Authors: Sally Beauman

Lovers and Liars Trilogy (70 page)

He looked at Gini and at Mary. “You remember the night we came here for your party—it was Lise’s birthday?” Mary nodded. An expression of pained bewilderment now came into Hawthorne’s features. “Well, that was one of the occasions when I thought she seemed better. She was animated, almost the way she used to be. And then, when we were about to leave—you remember, Mary? She showed you her coat, and the necklace she was wearing and she said they were my birthday present to her that day?”

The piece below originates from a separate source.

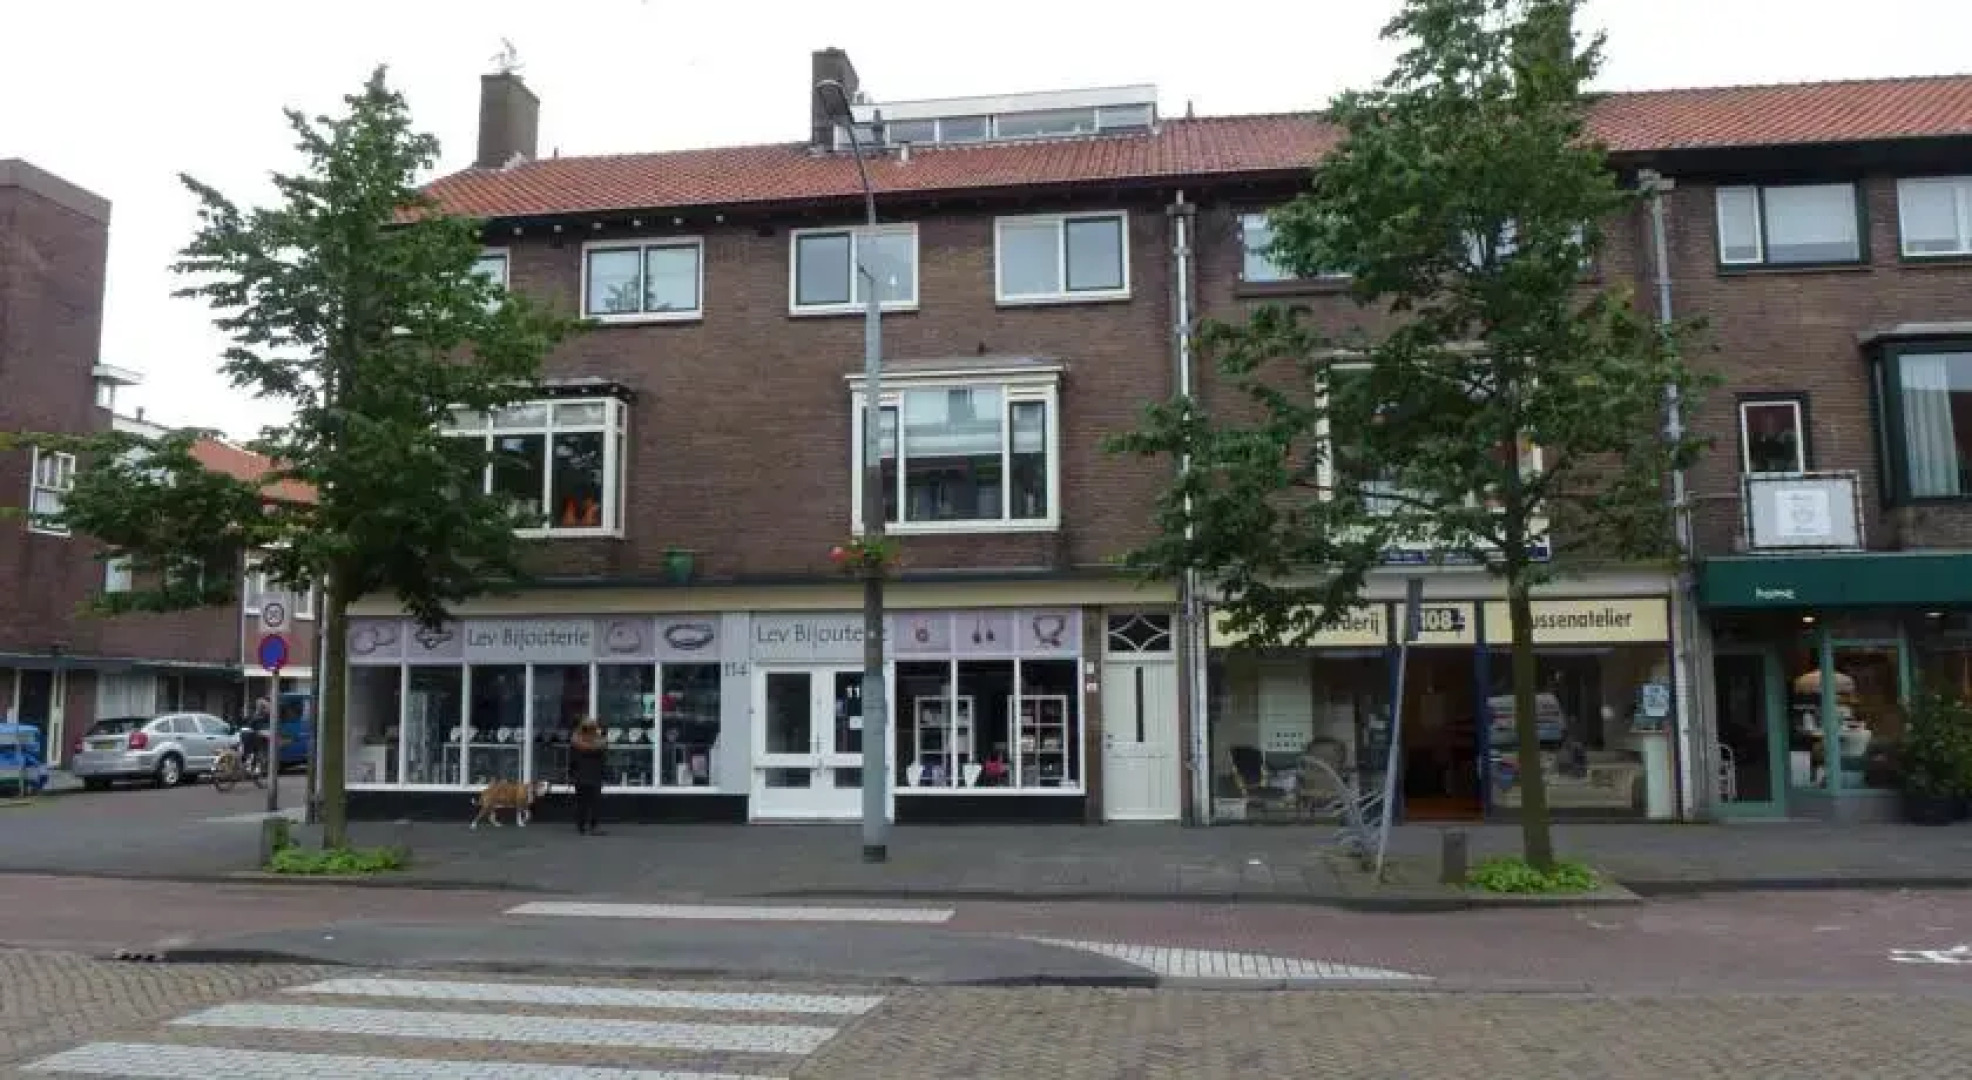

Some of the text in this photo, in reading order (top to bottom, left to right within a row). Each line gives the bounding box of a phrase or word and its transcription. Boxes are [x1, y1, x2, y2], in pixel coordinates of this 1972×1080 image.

[1530, 607, 1632, 629] ussenatelier
[502, 627, 590, 651] Bijouterie
[757, 624, 789, 643] Lev

“I remember,” Mary replied.

“Well, that wasn’t true. I gave Lise the coat and the necklace last year, back in the fall. I took her away for the weekend then, just the two of us, to the country. It was our wedding anniversary. I wanted…I tried—” He broke off, then controlled the emotion in his voice. “I thought if we could just have two days, two quiet, normal days…And she seemed pleased with the coat and the necklace. Then she put them away. She never wore them, not once, until the night of your party. Then she lied about when I’d given them to her. Why? Why? I can’t tell whether she genuinely makes a mistake or whether it’s aimed at me, as if she wanted to forget that weekend, forget our anniversary, forget our marriage. I just don’t know anymore….” He turned away. Mary rose to her feet and crossed to him. She put her arm around his shoulders.

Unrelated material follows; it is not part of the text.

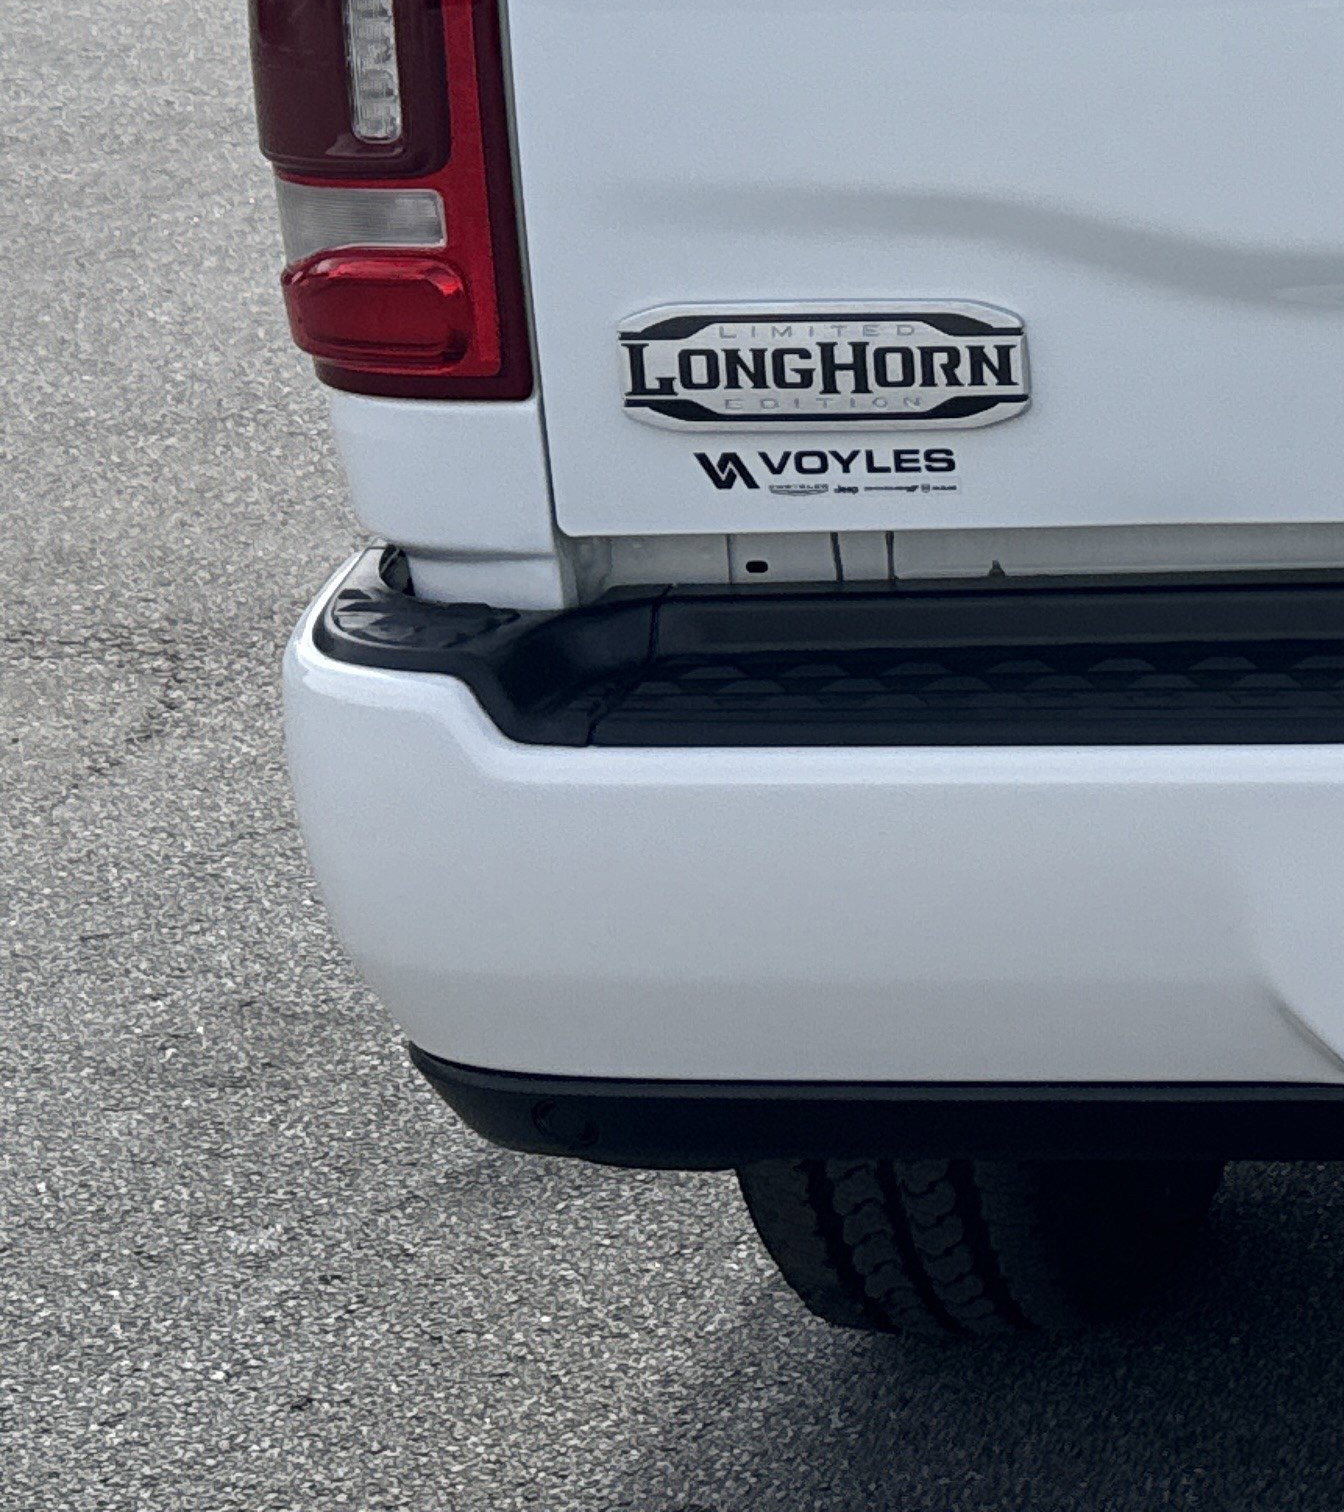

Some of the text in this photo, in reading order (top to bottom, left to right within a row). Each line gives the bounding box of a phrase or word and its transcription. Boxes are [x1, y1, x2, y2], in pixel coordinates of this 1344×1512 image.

[718, 324, 916, 340] LIMITED
[724, 396, 924, 410] EDITION
[757, 448, 956, 475] VOYLES

“John, don’t. Don’t,” she said quietly. “You’re crucifying yourself over this, and that doesn’t help anyone, you know. It’s better if you talk about it. You should learn to talk to your friends. Look. Have a drink. You’re exhausted, let me get you a whisky. Don’t argue. Just a small one. Come on.”

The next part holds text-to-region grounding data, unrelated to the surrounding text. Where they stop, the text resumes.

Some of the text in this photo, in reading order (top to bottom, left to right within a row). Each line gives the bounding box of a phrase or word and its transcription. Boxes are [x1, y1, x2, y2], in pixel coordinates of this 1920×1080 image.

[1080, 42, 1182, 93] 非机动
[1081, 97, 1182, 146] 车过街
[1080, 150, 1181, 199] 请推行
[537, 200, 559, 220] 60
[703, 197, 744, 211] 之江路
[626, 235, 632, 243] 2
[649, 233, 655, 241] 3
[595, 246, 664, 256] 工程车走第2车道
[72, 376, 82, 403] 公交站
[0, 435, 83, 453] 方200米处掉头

She crossed back to the drinks table, and poured the whisky. Gini looked at Hawthorne’s tense figure, and a terrible sick sense of doubt welled up inside her. She thought:
What have I done? I’ve been wrong, totally wrong….

There was a long, awkward silence then. Hawthorne accepted the drink from Mary, who returned to her chair. Gini saw her father look at Hawthorne with a kind of embarrassed concern.

“Shall I go on, John? Gini might as well know it all.”

“Why not?” Hawthorne gave a bitter dismissive gesture of the hand. “You explain. I can’t stand to talk about it anymore.”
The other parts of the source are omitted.